Im Laufe der Adoleszenz entwickeln Jugendliche ihre eigenen Vorstellungen von Gesundheit. Während Experten in der Wissenschaft und der Praxis auf etablierte Definitionen des Begriffs zurückgreifen, ist das Alltagsverständnis von Gesundheit schwierig zu erfassen, da es das Ergebnis des subjektiven Erlebens ist (Ohlbrecht & Winkler, 2018). Dabei wird Gesundheit zwar individuell erlebt und bewertet, aber die Vorstellungen von Gesundheit und Krankheit werden gesellschaftlich geprägt und verändern sich (Faltermaier, 2015). Ob ein bestimmter Zustand als „krank“ bewertet wird, hängt somit häufig nicht nur vom Stand der Medizin ab, sondern auch von gesellschaftlichen Normen. Die meisten Menschen verbinden mit Gesundheit vorrangig etwas Positives, das sowohl das psychische als auch das körperliche Befinden umfasst. Zudem wird Gesundheit oftmals als vorhandene Leistungs- und Handlungsfähigkeit verstanden. Andersherum betrachtet wird Gesundheit auch als Abwesenheit von Krankheit sowie über ein vernachlässigbares Maß an Beschwerden, Schmerzen oder Problemen definiert (Faltermaier, 2015).

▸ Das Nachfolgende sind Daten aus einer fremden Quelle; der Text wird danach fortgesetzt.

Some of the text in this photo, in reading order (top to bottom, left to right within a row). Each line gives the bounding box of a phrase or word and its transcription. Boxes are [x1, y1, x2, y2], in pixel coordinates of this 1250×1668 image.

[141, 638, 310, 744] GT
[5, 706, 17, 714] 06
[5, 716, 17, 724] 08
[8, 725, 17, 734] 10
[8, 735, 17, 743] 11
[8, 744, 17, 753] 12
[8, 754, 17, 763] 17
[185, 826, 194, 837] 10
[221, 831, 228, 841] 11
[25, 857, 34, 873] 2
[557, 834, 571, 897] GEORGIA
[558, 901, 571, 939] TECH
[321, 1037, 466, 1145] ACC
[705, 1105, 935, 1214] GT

Zum Gesundheitsverständnis von Jugendlichen ist bekannt, dass sie es mit ihren subjektiven Erfahrungen, Alltagswissen und Alltagskonstruktionen in Verbindung bringen (Flick, 1998a). Es zeigt sich, dass Jugendliche Gesundheit meist als positives Befinden, als Abwesenheit von Krankheit und als Vorhandensein von körperlicher und psychischer Funktionsfähigkeit definieren, wobei Mädchen Gesundheit und Krankheit detaillierter beschreiben als Jungen (Rademaker, 2016). Die qualitativen Studien, die für den Jugendbericht durchgeführt wurden, bestätigen dies und sie zeigen zudem, inwieweit Jugendliche zwischen Gesundheit und Wohlbefinden unterscheiden.

Das Gesundheitsverständnis der Jugendlichen ist stark von ihren subjektiven Erfahrungen geprägt. In den Interviews verweisen die Jugendlichen oftmals auf Erkrankungen oder Belastungen, die sie selbst oder Personen aus ihrem Umfeld erlebt haben.

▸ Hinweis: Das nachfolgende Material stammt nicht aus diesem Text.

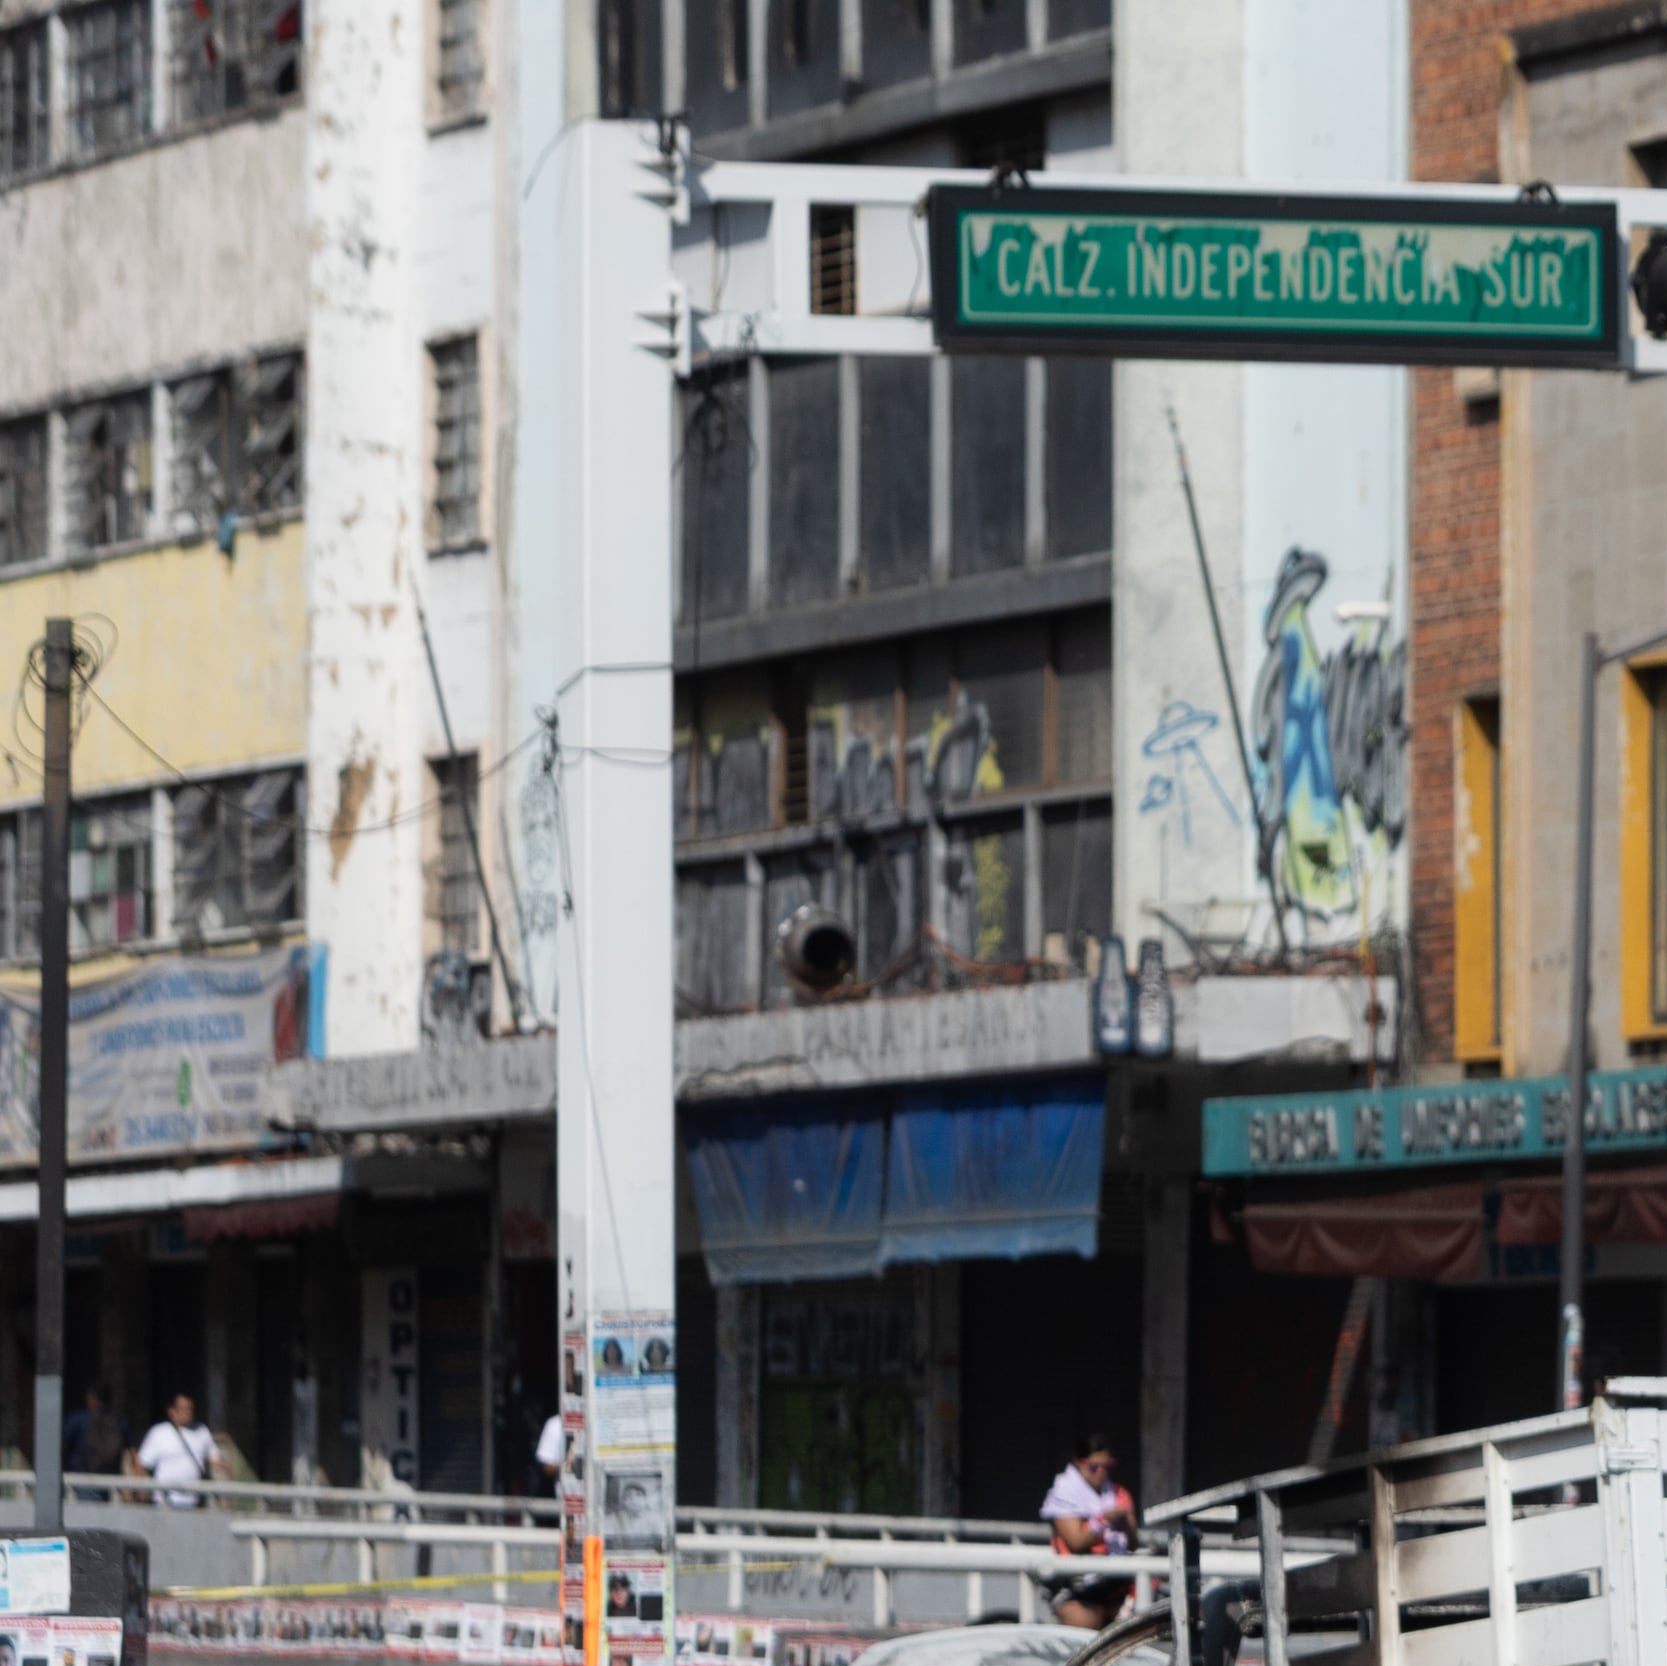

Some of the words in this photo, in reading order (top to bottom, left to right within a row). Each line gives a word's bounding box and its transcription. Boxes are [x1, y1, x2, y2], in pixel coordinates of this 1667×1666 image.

[998, 237, 1116, 298] CALZ.
[1128, 241, 1461, 306] INDEPENDENCIA
[1482, 250, 1563, 308] SUR

Gesundheit als Abwesenheit von Krankheit und körperlichen Einschränkungen

In der qualitativen Studie definieren auch die luxemburgischen Jugendlichen den Begriff Gesundheit oft mit Hilfe des Gegenbegriffs Krankheit, d. h., unter Gesundheit verstehen sie nicht krank zu sein.

„Gesondheet ass also fir mech, dass een halt keng Krankheet huet, déi elo däi Liewen negativ impaktéiert, also, dass de normal, glécklech kanns sinn sou am Liewen. Dass de elo keng Mängel hues. Dass de en gesonde Kierper hues, wou s de, mat deem s de alles maache kanns, wat s du gäre wëlls. Ouni Limitten iergendwéi.“

(Laura, 21 Jahre, 18:36)

Ein gesundes Leben bedeutet für viele Jugendliche, nicht durch Krankheiten eingeschränkt zu sein und somit alles machen zu können, was sie sich vornehmen. Sei es durch einschneidende Erlebnisse und eigene Erfahrungen mit Krankheiten oder durch soziale Vergleiche mit anderen – ihnen ist bewusst, dass ein gesunder Körper keine Selbstverständlichkeit ist. Viele sprechen daher von einer Dankbarkeit für ihren gesunden Körper, die sie empfinden.

„Einfach keng kierperlech …, zum Beispill ech si frou, dass ech gesond sinn, dass ech elo, keng Anung, dass meng Been funktionéieren, dass meng Äerm alles maachen, wat ech well, sou dofir soll een dankbar sinn. […] Dat ass fir mech Gesondheet, einfach nëmmen, dass et eng, dass een dat ka maachen, wat all normale Mënsch oder duerchschnëttleche Mënsch kéint maachen.“

(Frank, 16 Jahre, 59:5)

In den Interviews findet sich auch die Idee, dass Gesundheit mit der Abwesenheit von Schmerz und jeglicher Form von Krankheit gleichgesetzt wird, sodass beides die Alltagsbewältigung nicht einschränkt.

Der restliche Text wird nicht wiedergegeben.